**Goal of the exercise:** What the answer must contain is every line of the records, exactly, with no pictures.
Start of Input for this task
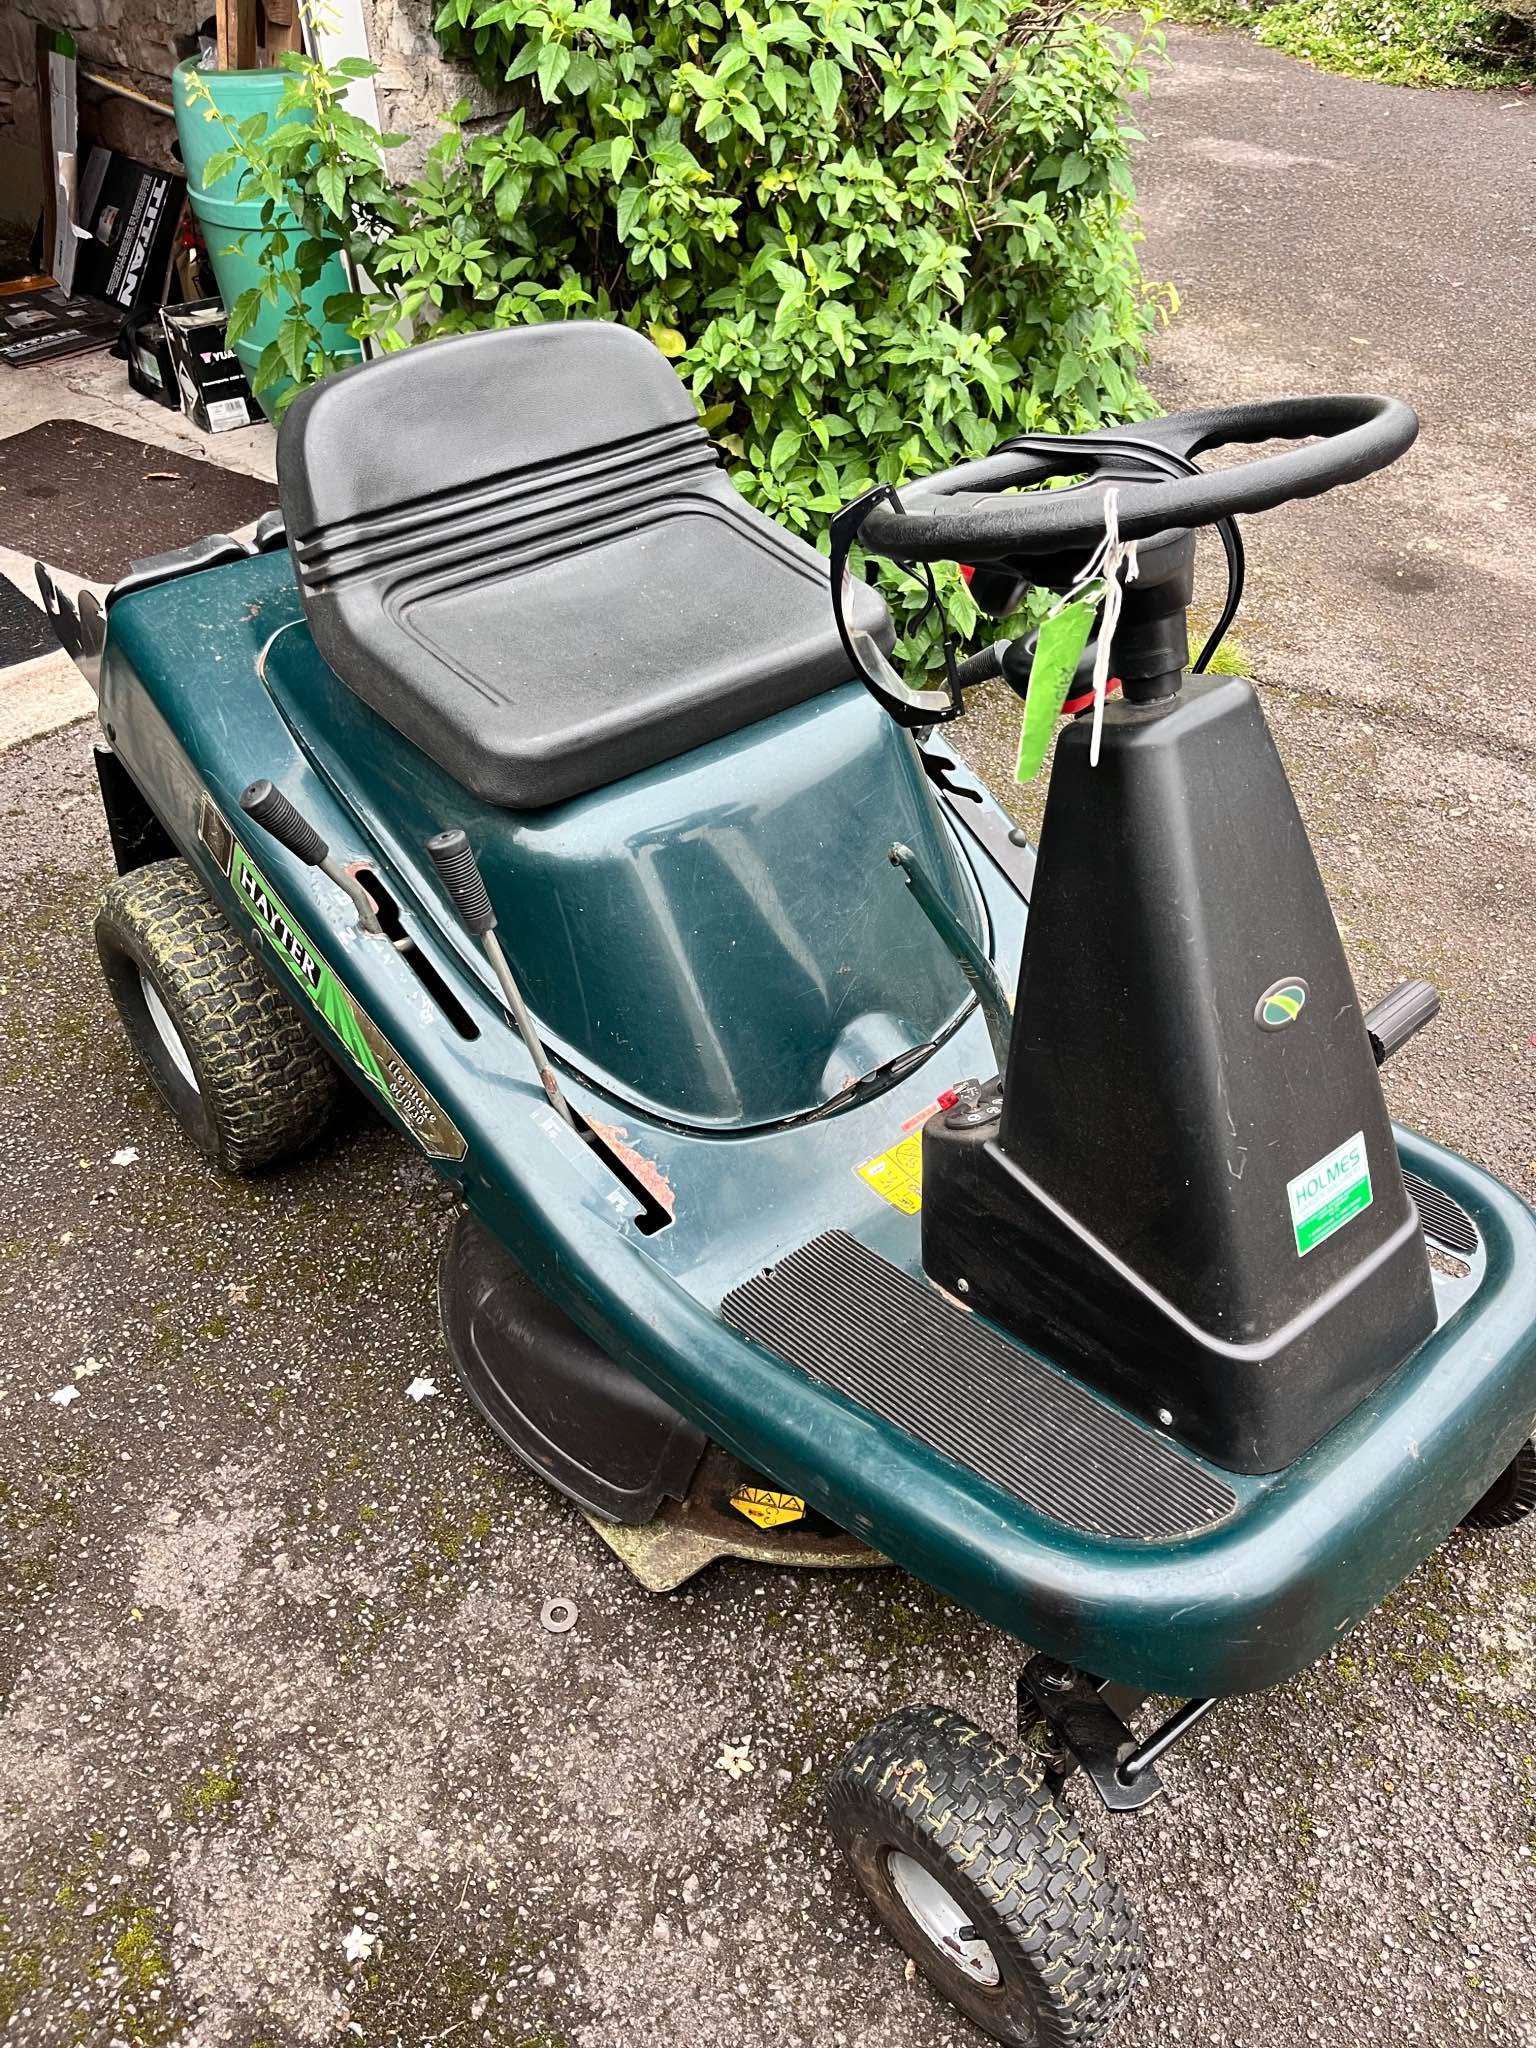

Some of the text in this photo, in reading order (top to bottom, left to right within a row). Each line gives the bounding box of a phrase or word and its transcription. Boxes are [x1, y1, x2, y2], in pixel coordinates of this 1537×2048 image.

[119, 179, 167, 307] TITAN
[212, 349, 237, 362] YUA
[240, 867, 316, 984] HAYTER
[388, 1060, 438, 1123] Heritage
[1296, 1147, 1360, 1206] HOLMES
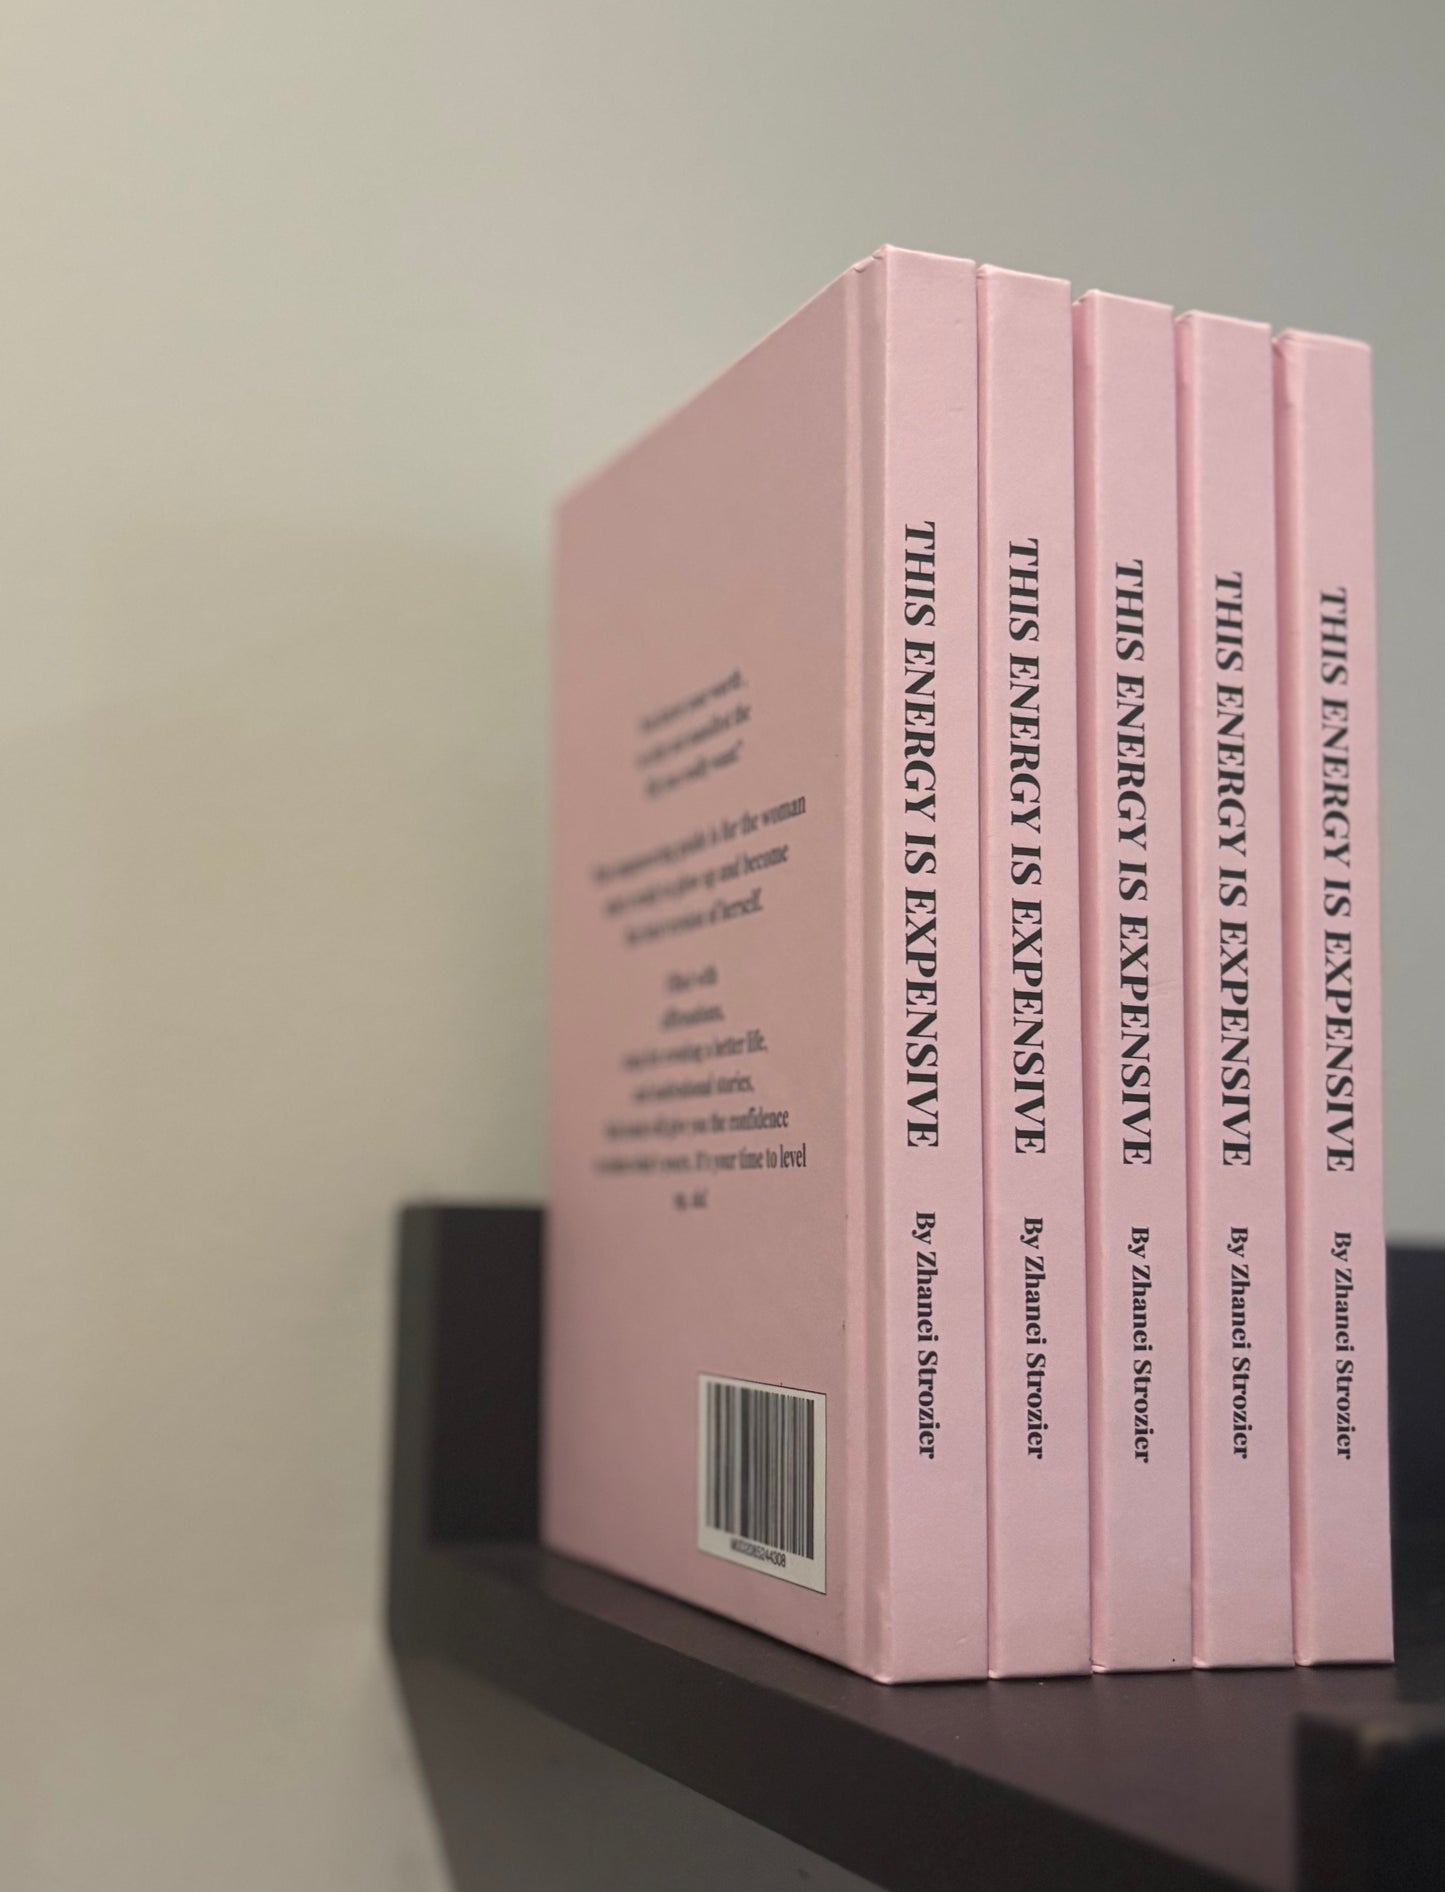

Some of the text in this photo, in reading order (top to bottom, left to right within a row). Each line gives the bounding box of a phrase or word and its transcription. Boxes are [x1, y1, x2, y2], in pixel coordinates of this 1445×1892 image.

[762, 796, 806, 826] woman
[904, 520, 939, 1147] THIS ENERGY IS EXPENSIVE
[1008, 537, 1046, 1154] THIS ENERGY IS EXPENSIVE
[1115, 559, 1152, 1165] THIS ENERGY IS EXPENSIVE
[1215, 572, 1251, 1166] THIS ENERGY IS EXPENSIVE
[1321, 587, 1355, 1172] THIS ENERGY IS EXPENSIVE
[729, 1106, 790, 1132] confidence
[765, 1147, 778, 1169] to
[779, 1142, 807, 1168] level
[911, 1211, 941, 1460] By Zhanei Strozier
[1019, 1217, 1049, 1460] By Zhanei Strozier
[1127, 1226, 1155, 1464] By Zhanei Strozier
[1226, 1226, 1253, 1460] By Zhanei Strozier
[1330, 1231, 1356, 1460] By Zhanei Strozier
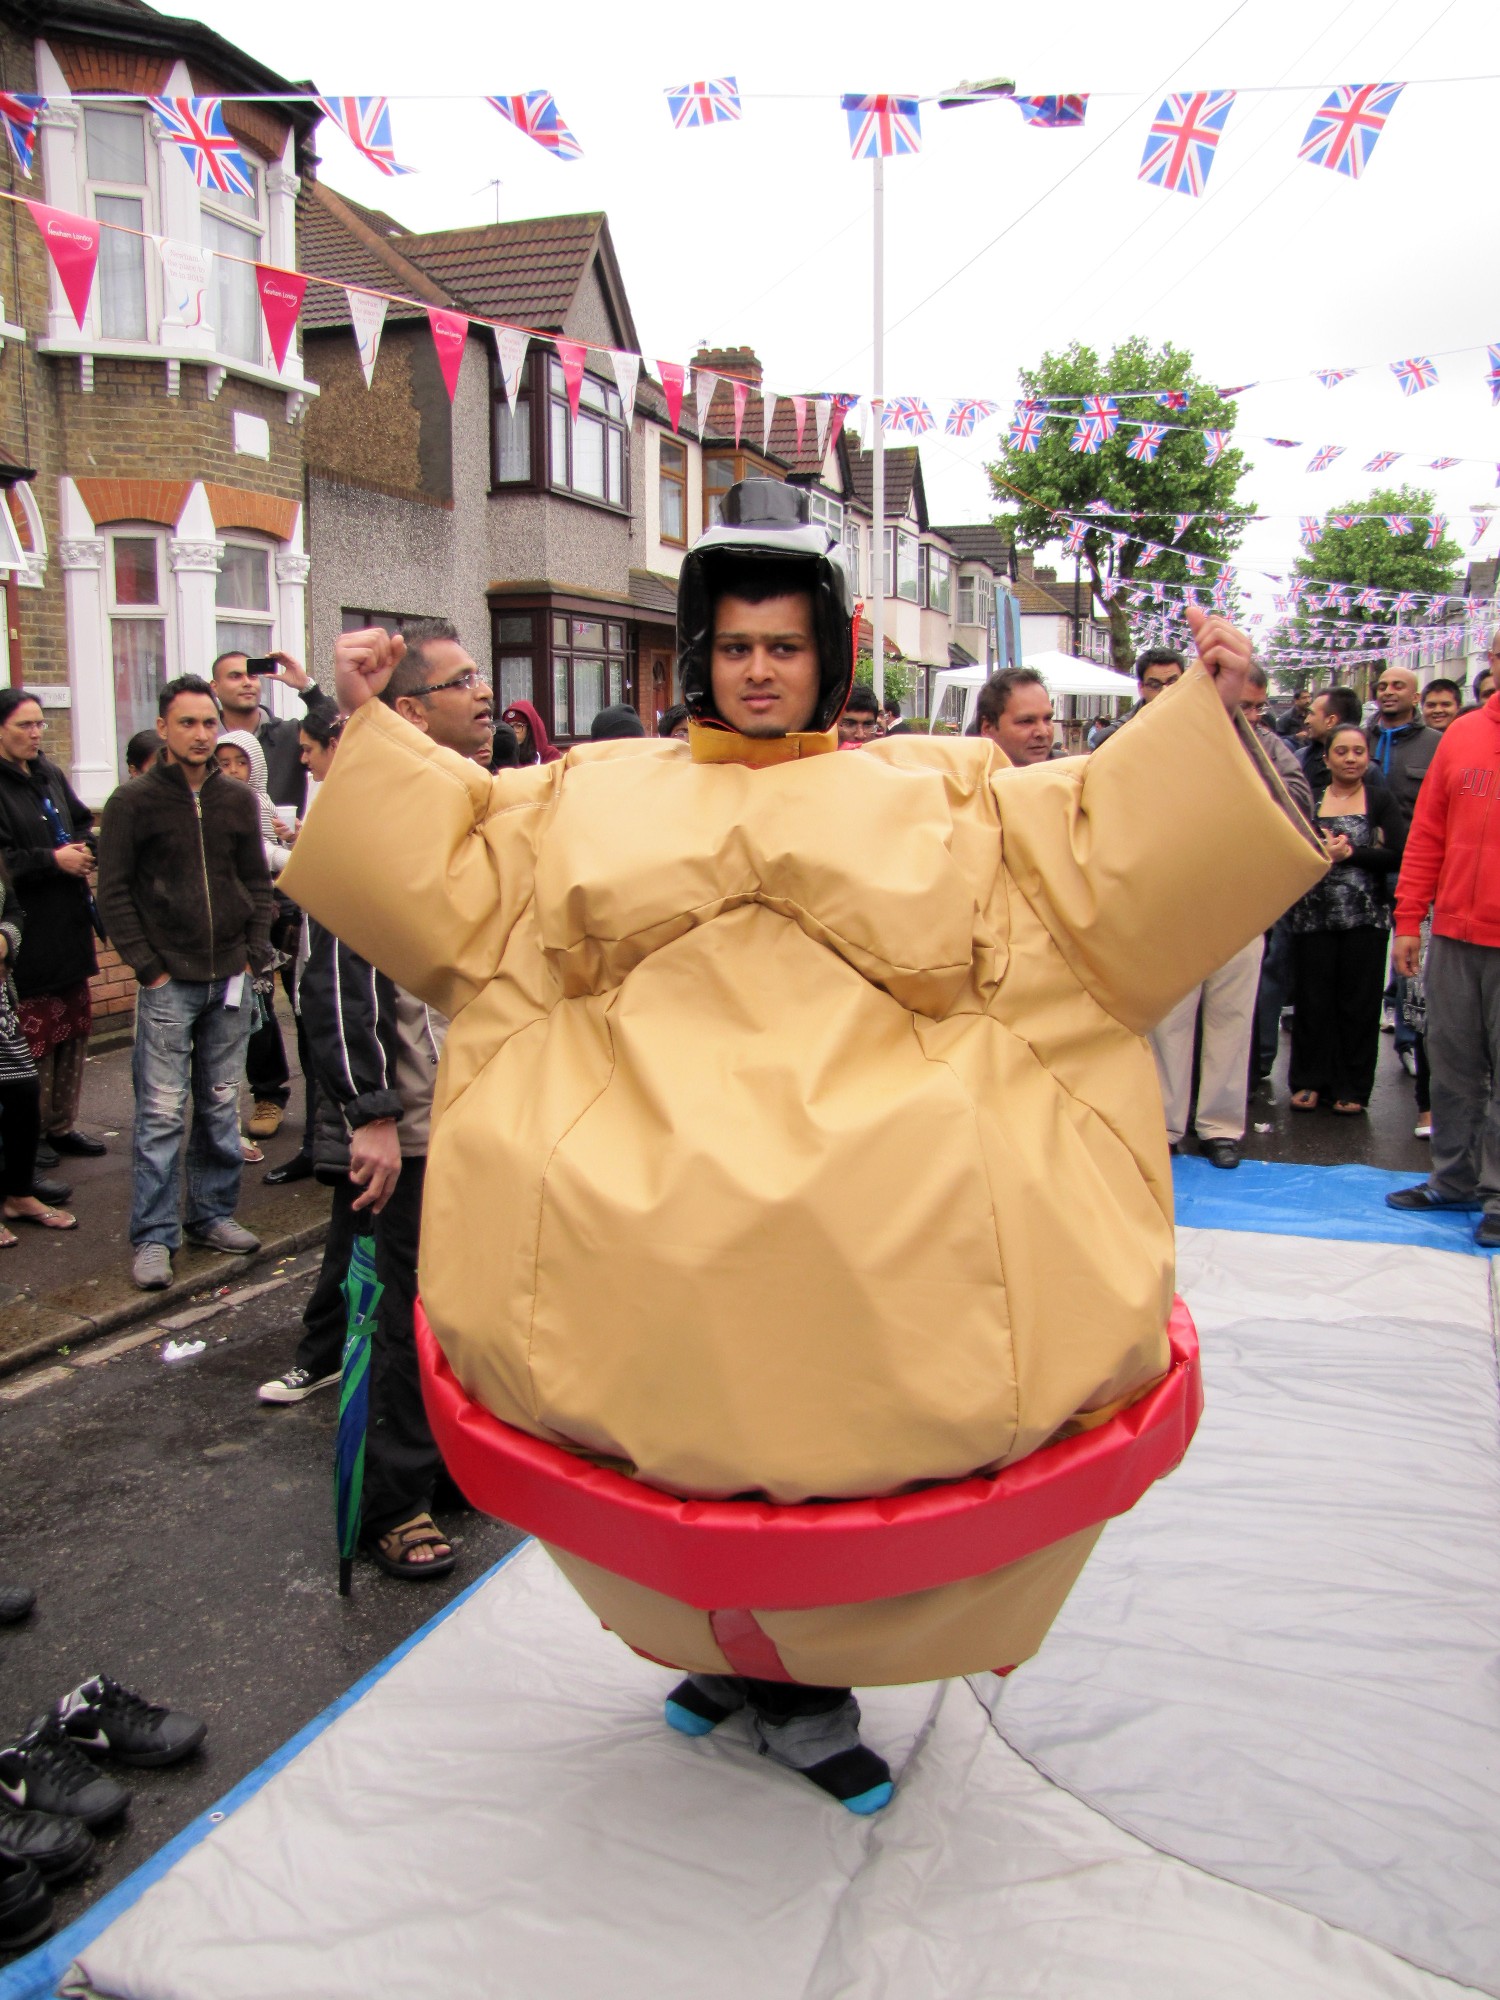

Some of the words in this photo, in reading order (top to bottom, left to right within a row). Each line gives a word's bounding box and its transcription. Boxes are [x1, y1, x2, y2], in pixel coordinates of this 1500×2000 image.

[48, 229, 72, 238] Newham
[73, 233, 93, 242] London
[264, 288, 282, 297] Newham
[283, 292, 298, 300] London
End of Input for this task
**Exercise output:**
Some of the text in this photo, in reading order (top to bottom, left to right within a row). Each line gives the bounding box of a phrase or word and its transcription. Boxes are [x1, y1, x2, y2], in pixel coordinates of this 1537×2048 image.

[119, 179, 167, 307] TITAN
[212, 349, 237, 362] YUA
[240, 867, 316, 984] HAYTER
[388, 1060, 438, 1123] Heritage
[1296, 1147, 1360, 1206] HOLMES

Some of the text in this photo, in reading order (top to bottom, left to right within a row). Each line gives the bounding box of a phrase or word and its transcription. Boxes are [x1, y1, x2, y2], in pixel coordinates of this 1445×1892 image.

[762, 796, 806, 826] woman
[904, 520, 939, 1147] THIS ENERGY IS EXPENSIVE
[1008, 537, 1046, 1154] THIS ENERGY IS EXPENSIVE
[1115, 559, 1152, 1165] THIS ENERGY IS EXPENSIVE
[1215, 572, 1251, 1166] THIS ENERGY IS EXPENSIVE
[1321, 587, 1355, 1172] THIS ENERGY IS EXPENSIVE
[729, 1106, 790, 1132] confidence
[765, 1147, 778, 1169] to
[779, 1142, 807, 1168] level
[911, 1211, 941, 1460] By Zhanei Strozier
[1019, 1217, 1049, 1460] By Zhanei Strozier
[1127, 1226, 1155, 1464] By Zhanei Strozier
[1226, 1226, 1253, 1460] By Zhanei Strozier
[1330, 1231, 1356, 1460] By Zhanei Strozier

Some of the words in this photo, in reading order (top to bottom, left to right within a row). Each line gives a word's bounding box and its transcription. Boxes are [x1, y1, x2, y2], in pixel coordinates of this 1500×2000 image.

[48, 229, 72, 238] Newham
[73, 233, 93, 242] London
[264, 288, 282, 297] Newham
[283, 292, 298, 300] London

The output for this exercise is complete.